I’ve been wrestling with the question, Can they really be that cynical? Or that devious?

But I realize, on reflection, that the question, though compelling, is irrelevant. Whether or not Froomkin was right and Karl Rove was able to manipulate circumstances over which he had no obvious control — massive, unaccountable contracting fraud, an Army Corps of Engineers of spectacular incompetence, feckless local pols — the end result could not have been more favorable to those who stand to benefit from the destruction of New Orleans: real estate developers, crooked contractors, and speculators who have no interest in the return of the New Orleans Diaspora.

Nausea. How much more nausea can I handle? Guess I’ll get to find out.


Neddie Jingo:

PS: Eugene Robinson at the WashPost seems to have been visiting Matt Cohen’s Flickr collection — or perhaps your blog. He takes his title from that “Home this was Home” photo. It’s powerful, all right. Check ‘er out.


zencomix:

The use of Black and White photography makes it that much more haunting for me.


Matt:

Thanks, everyone, for your comments. I apologize for getting back to you so late — today was my first day of teaching; I’m bleary and overwhelmed with work.

Catherine: no, it’s not all Dubya’s fault, but it is his failure.

Neddie: “I’ve been wrestling with the question, Can they really be that cynical? Or that devious?”

I have little doubt that they are that cynical, but I don’t think they are that devious. But you’re right — in the end, the answer hardly matters, for the results are the same whether intentional or not. I think, for the most part, that the recovery has been guided by basic Bush Republican principles: screw the poor, fatten the rich, and run the whole shebang through a vast network of cronies.

The end result of that is what we see in these photos.

Four days after the storm, as people were drowning, Republicans thought that the most urgent problem facing the country was cutting the estate tax (more info here).

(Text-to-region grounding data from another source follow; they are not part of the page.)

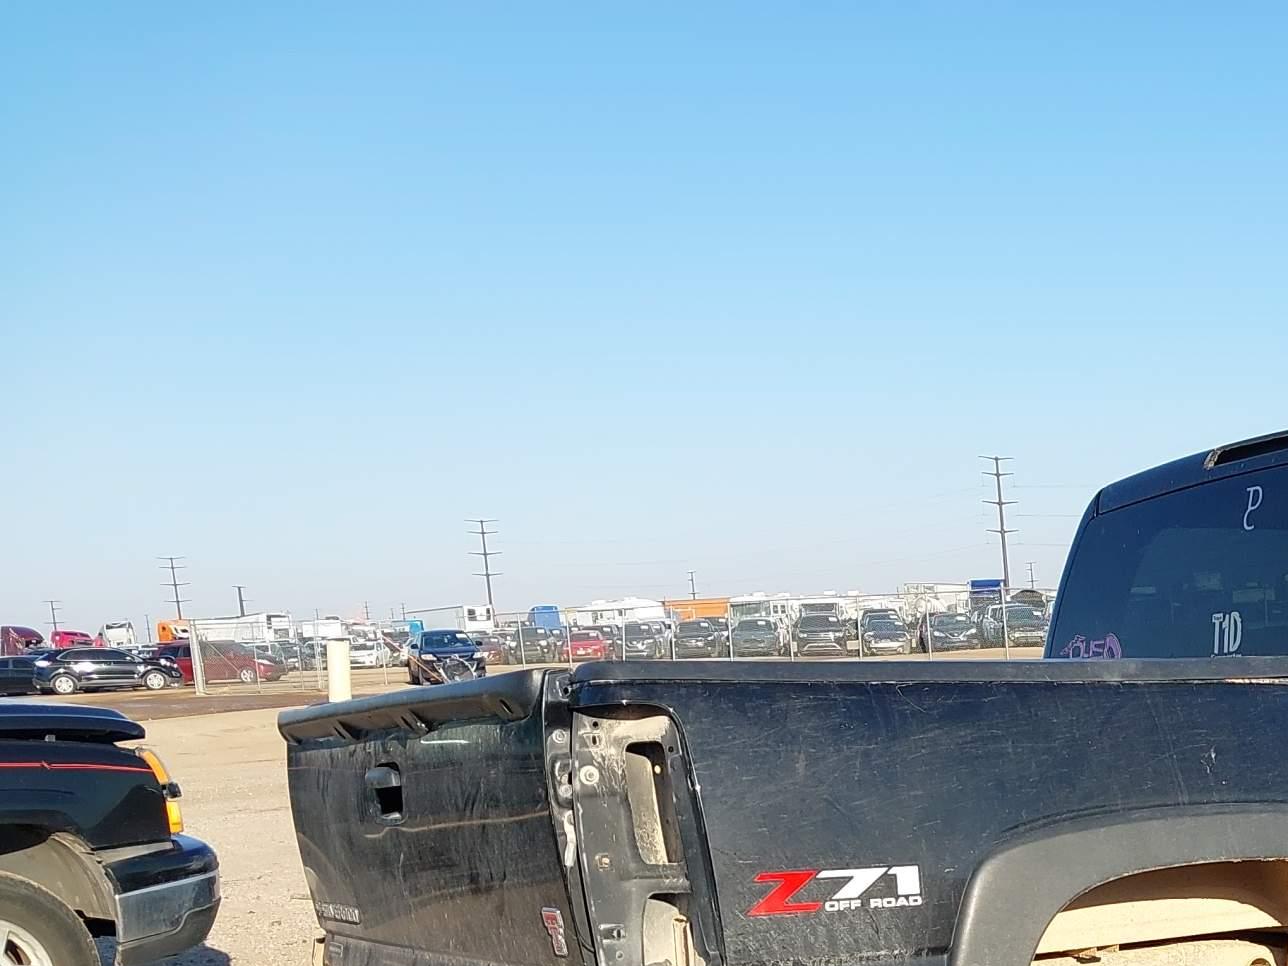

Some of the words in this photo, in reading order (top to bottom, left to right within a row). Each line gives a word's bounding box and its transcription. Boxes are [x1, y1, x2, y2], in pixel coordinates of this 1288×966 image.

[1212, 611, 1242, 654] T1D
[746, 864, 921, 916] Z71
[824, 899, 862, 913] OFF
[869, 895, 923, 909] ROAD
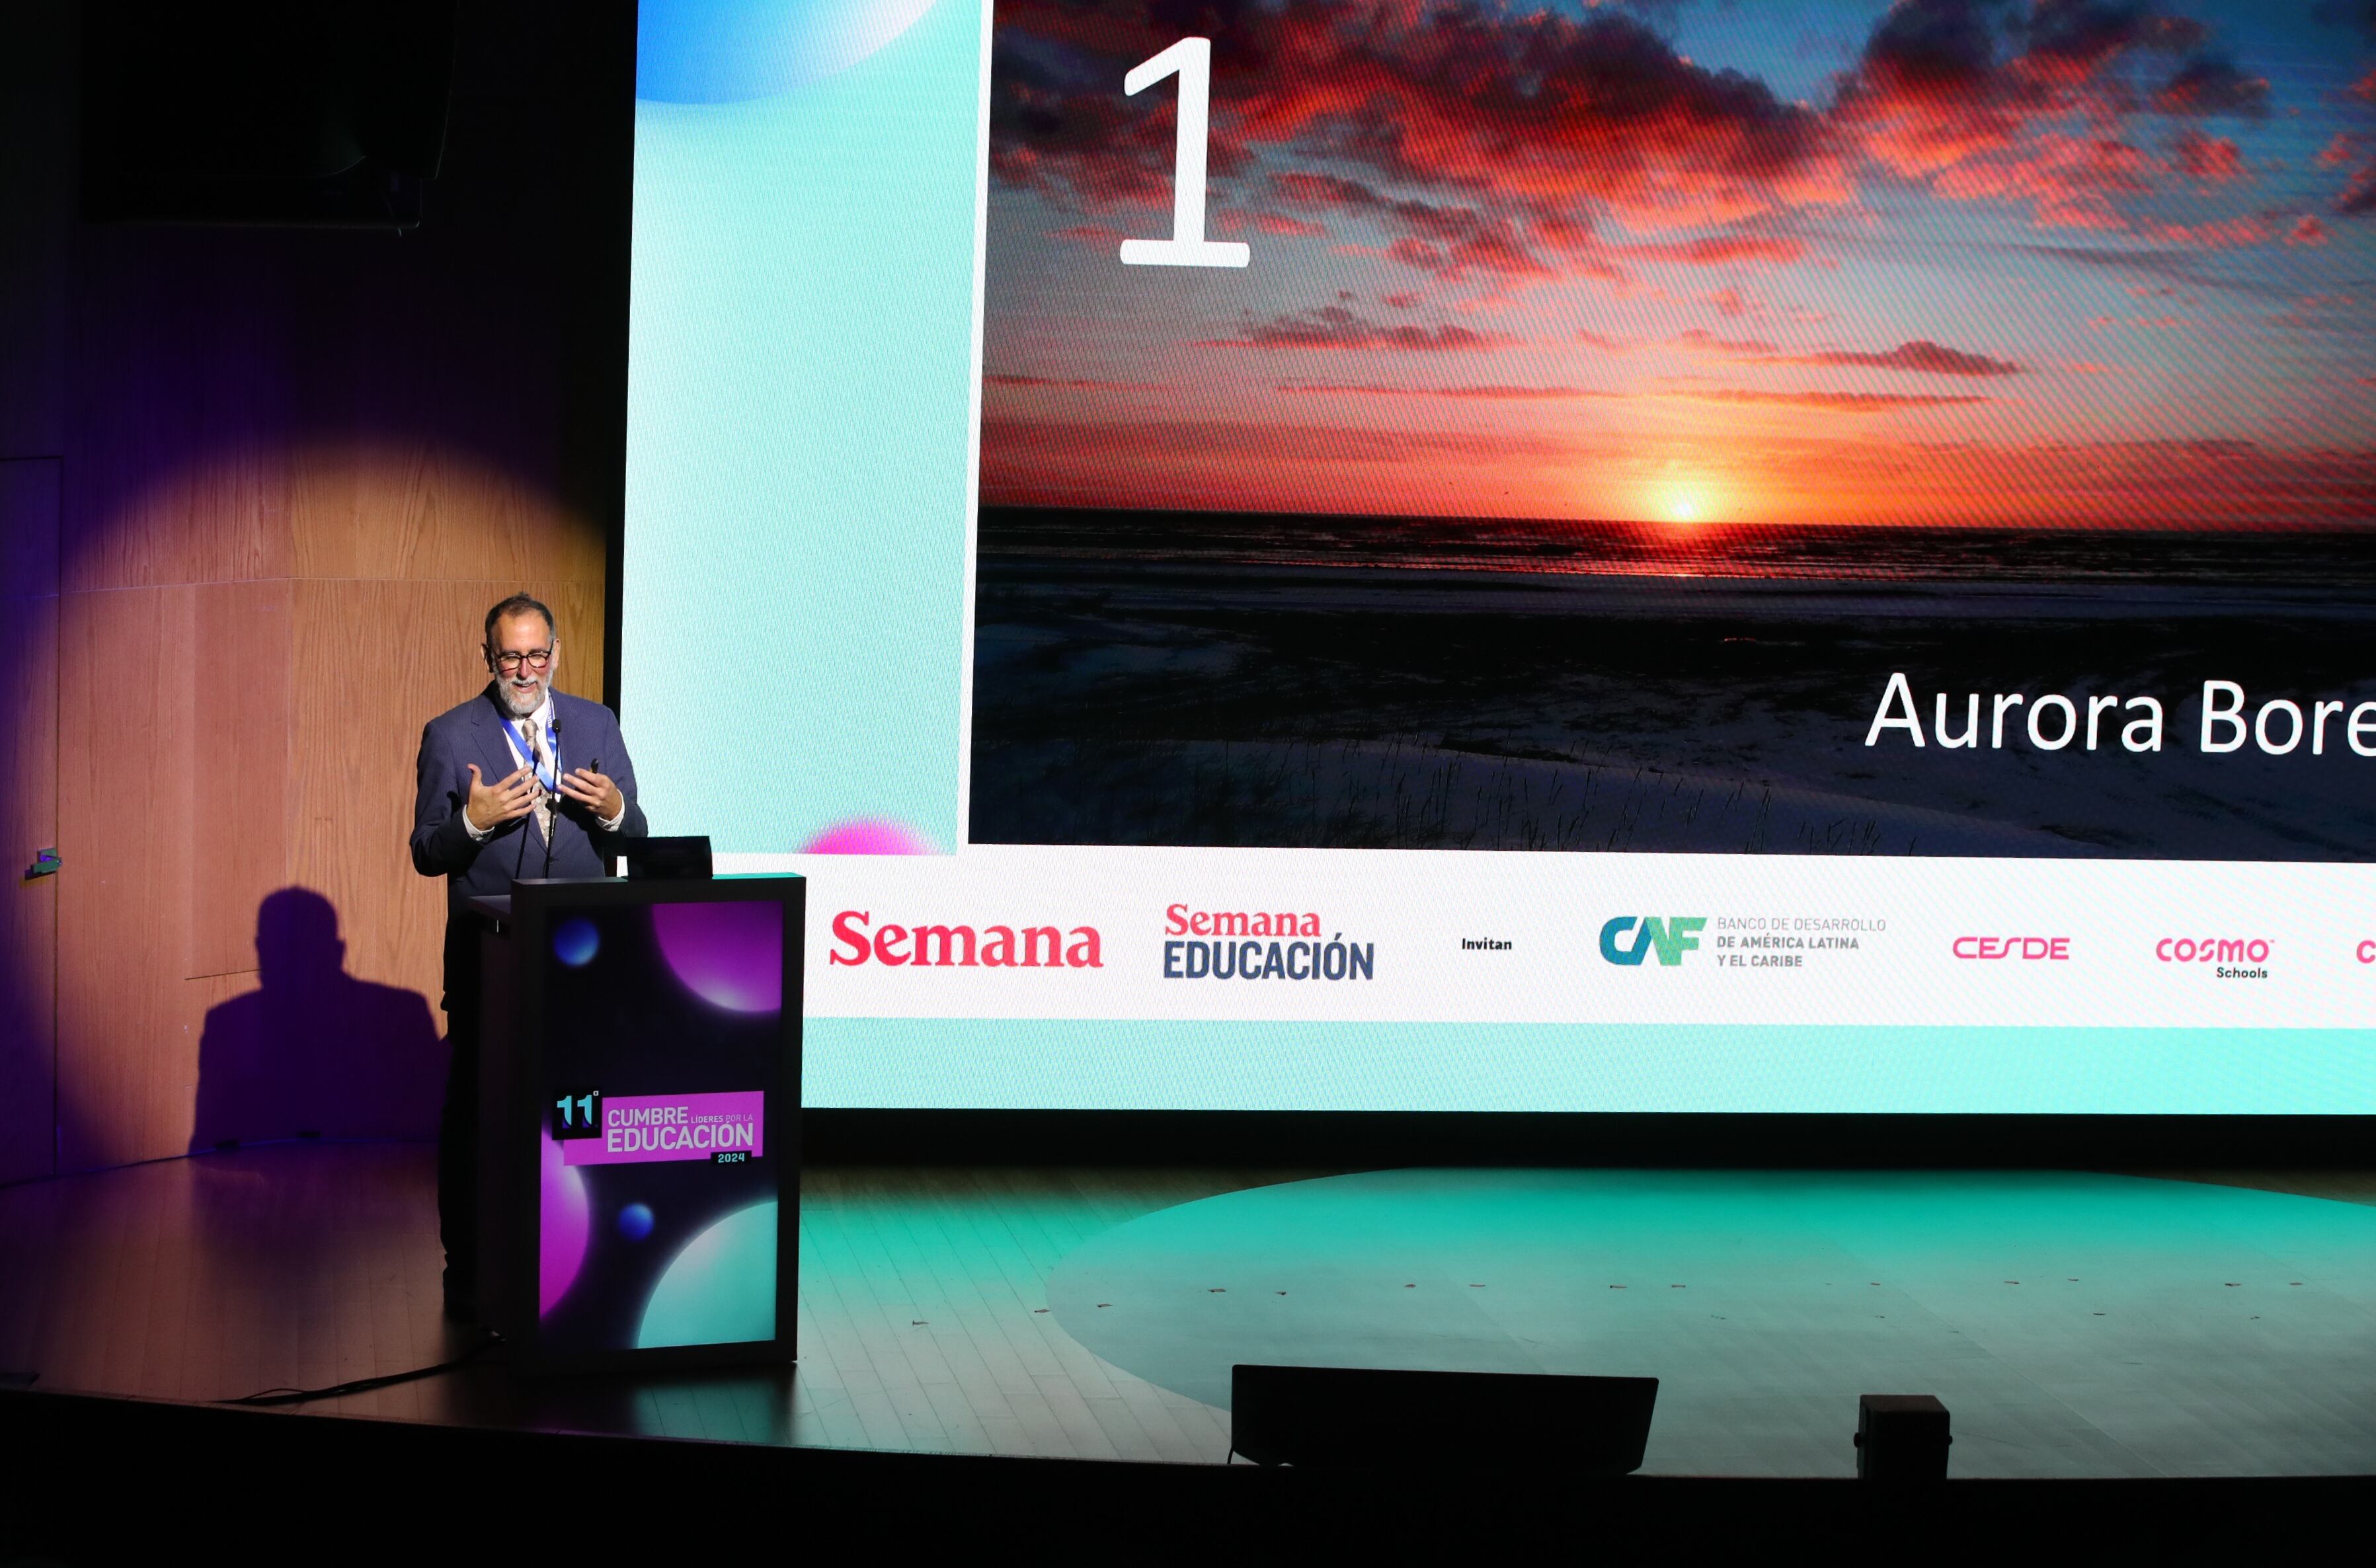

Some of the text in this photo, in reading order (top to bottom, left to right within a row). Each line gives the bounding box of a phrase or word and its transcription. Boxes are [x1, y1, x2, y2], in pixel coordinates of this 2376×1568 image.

[1120, 36, 1250, 268] 1
[1864, 672, 2164, 752] Aurora
[1164, 903, 1322, 937] Semana
[1718, 917, 1886, 931] BANCO DE DESARROLLO
[829, 910, 1104, 968] Semana
[1462, 937, 1512, 950] Invitan
[1599, 916, 1708, 966] CAF
[1717, 933, 1859, 950] DE AMÉRICA LATINA
[1952, 937, 2071, 960] CESDE
[2156, 938, 2270, 963] COSMO
[1163, 933, 1374, 981] EDUCACIÓN
[1717, 954, 1803, 967] Y EL CARIBE
[2216, 967, 2268, 979] Schools
[608, 1106, 689, 1127] CUMBRE
[607, 1121, 754, 1153] EDUCACIÓN
[718, 1153, 745, 1163] 2024

That’s why I agree with Shakespeare’s Sister, above, that this has as much to do with the larger project of the conservative movement as it does with the Bush White House.


Rod:

So have we heard the new Dylan album yet, he asks, returning helplessly to the shallow waters where he feels more comfortable? I’m waiting for someone I trust to give me the impetus to go buy it.


Matt:

Music, for you, Rod, is hardly the realm of shallow waters.

I haven’t heard the whole album yet, but I have seen the first video, which stars Scarlett Johansson and is directed by Bennett Miller — who also directed “Capote.”

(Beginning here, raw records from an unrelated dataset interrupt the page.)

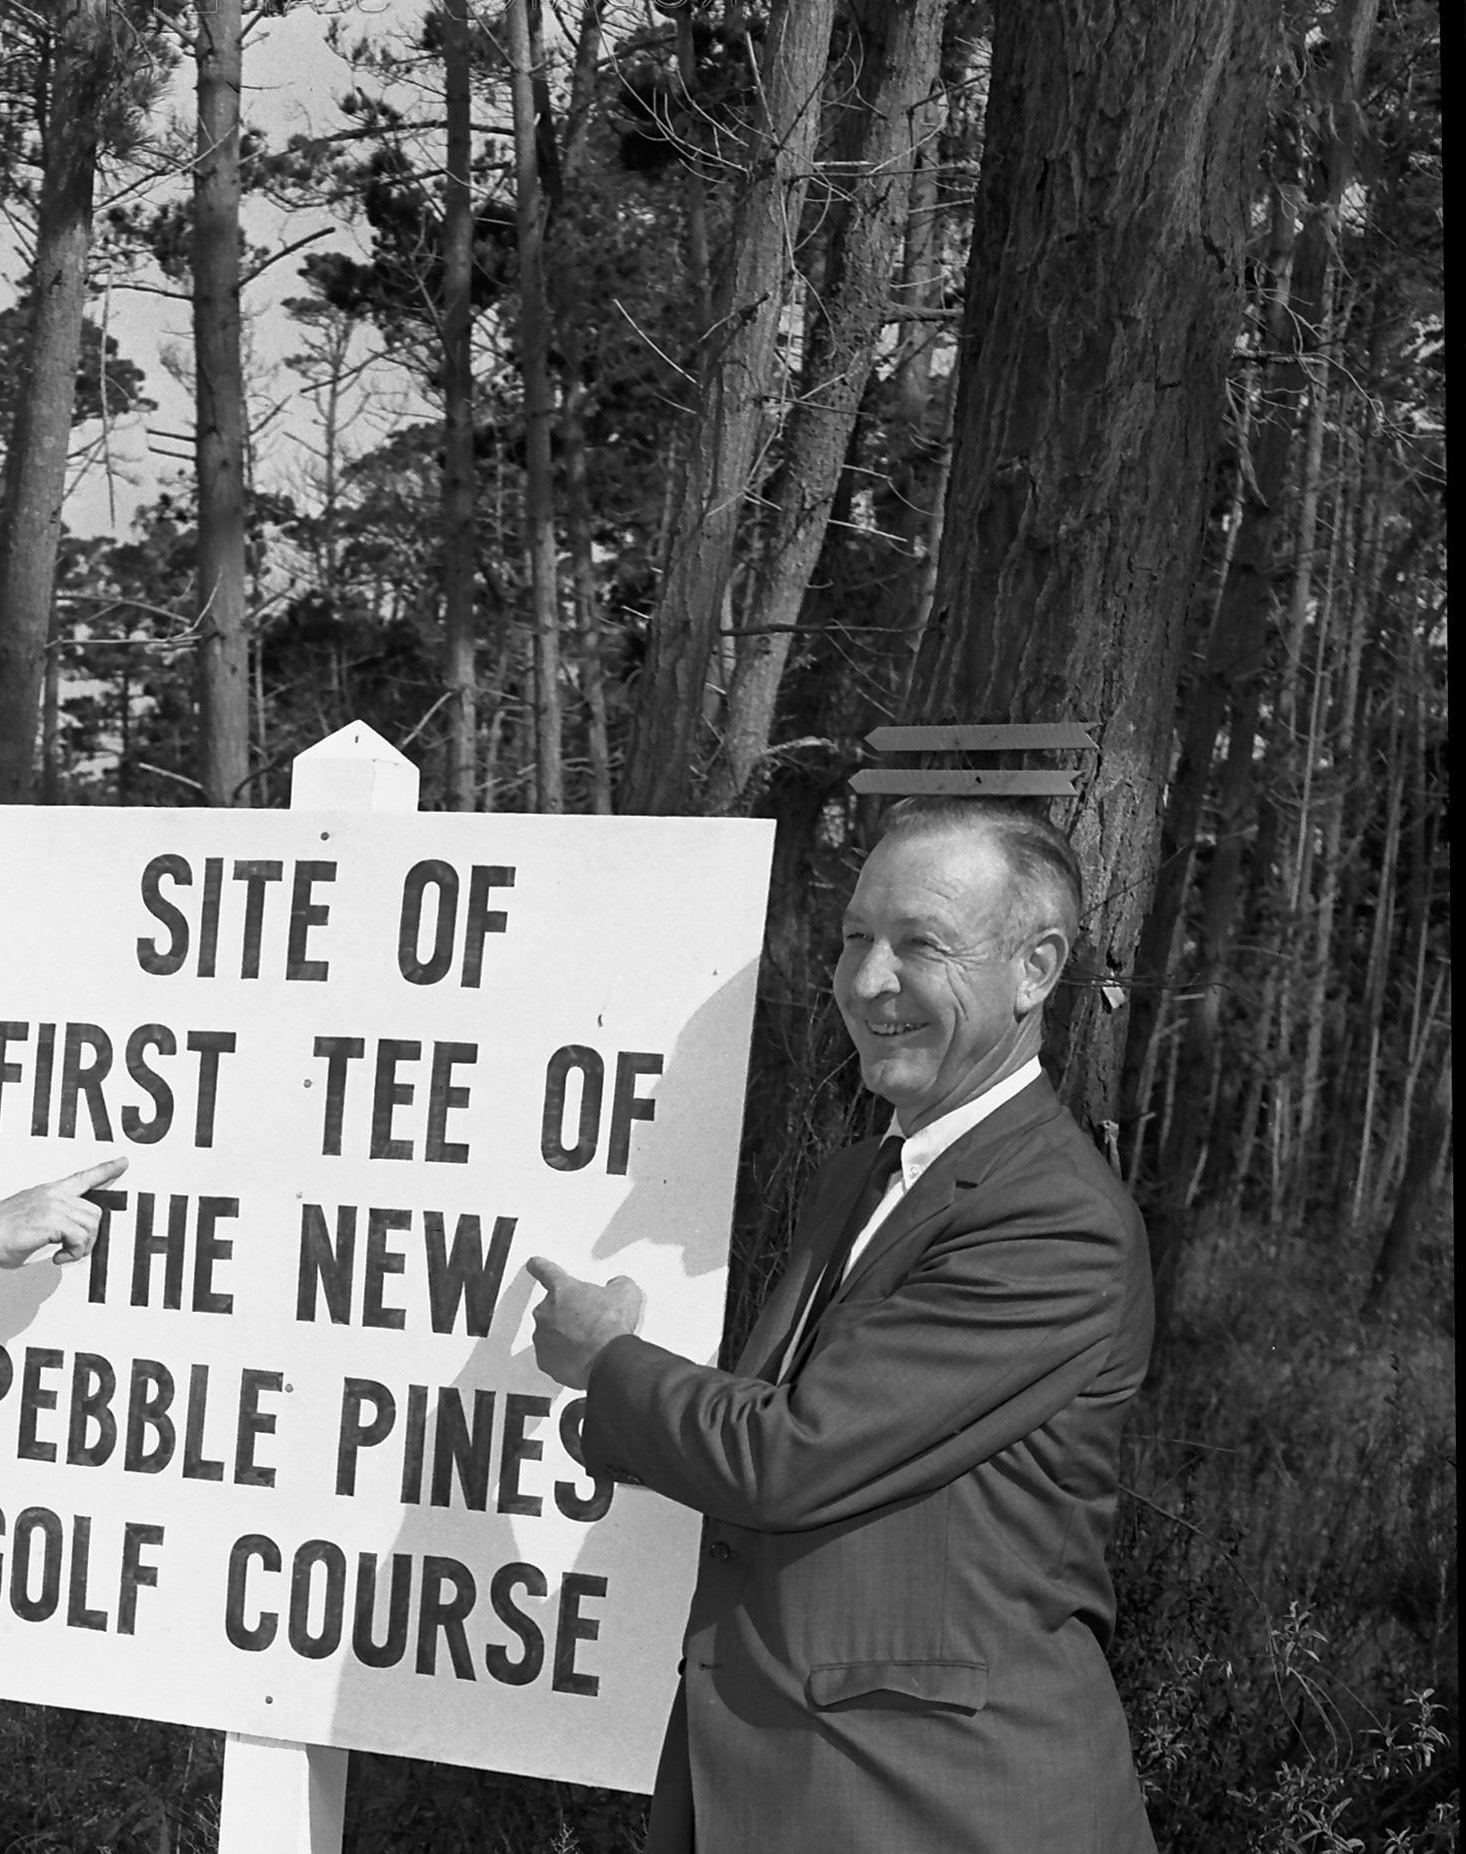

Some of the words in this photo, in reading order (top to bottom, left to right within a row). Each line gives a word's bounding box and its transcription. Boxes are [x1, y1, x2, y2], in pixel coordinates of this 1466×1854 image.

[138, 855, 337, 981] SITE
[399, 860, 515, 988] OF
[314, 1037, 477, 1163] TEE
[542, 1045, 663, 1175] OF
[82, 1188, 238, 1314] THE
[297, 1204, 518, 1337] NEW
[336, 1377, 614, 1522] PINES
[226, 1535, 607, 1696] COURSE

I’m still trying to figure out how I feel about the song. Mildly positive, I think.


Fred:

Great post, to bad it had to be written. Would that we lived in a bizarro world where Bush got it right…once.


Rod:

I’m feeling some kind of fogeyish urge to go out and buy Modern Times, Surprise, and We Shall Overcome and do some kind of Giants of Music In Their Dotage Event Album Comparison thing.

A propos of absolutely nothing at all.


Matt:

Get the Dylan. Listening to it the second time through, I’m falling for it, hard.

The Pfork review is pretty much dead-on, I think. It’s a mellow album that comes right out of the touring he has been doing.

I’ll do a post on it soon. For now, I’ll say two things:

1. I think my reservations about “When the Deal Goes Down” had a lot to do with my feelings about the video. I like the song much, much better without the Scarlett Johansson faux-nostalgia.

In fact, listening to the song again, I think my enthusiasm for it is almost unbounded.

2. Favorite songs so far: “When the Deal Goes Down,” “Nettie Moore,” and “Ain’t Talkin’.”


C.Trautmann:

The black and white and the brutal contrast is fascinating me. Besides, the lyric is awesome.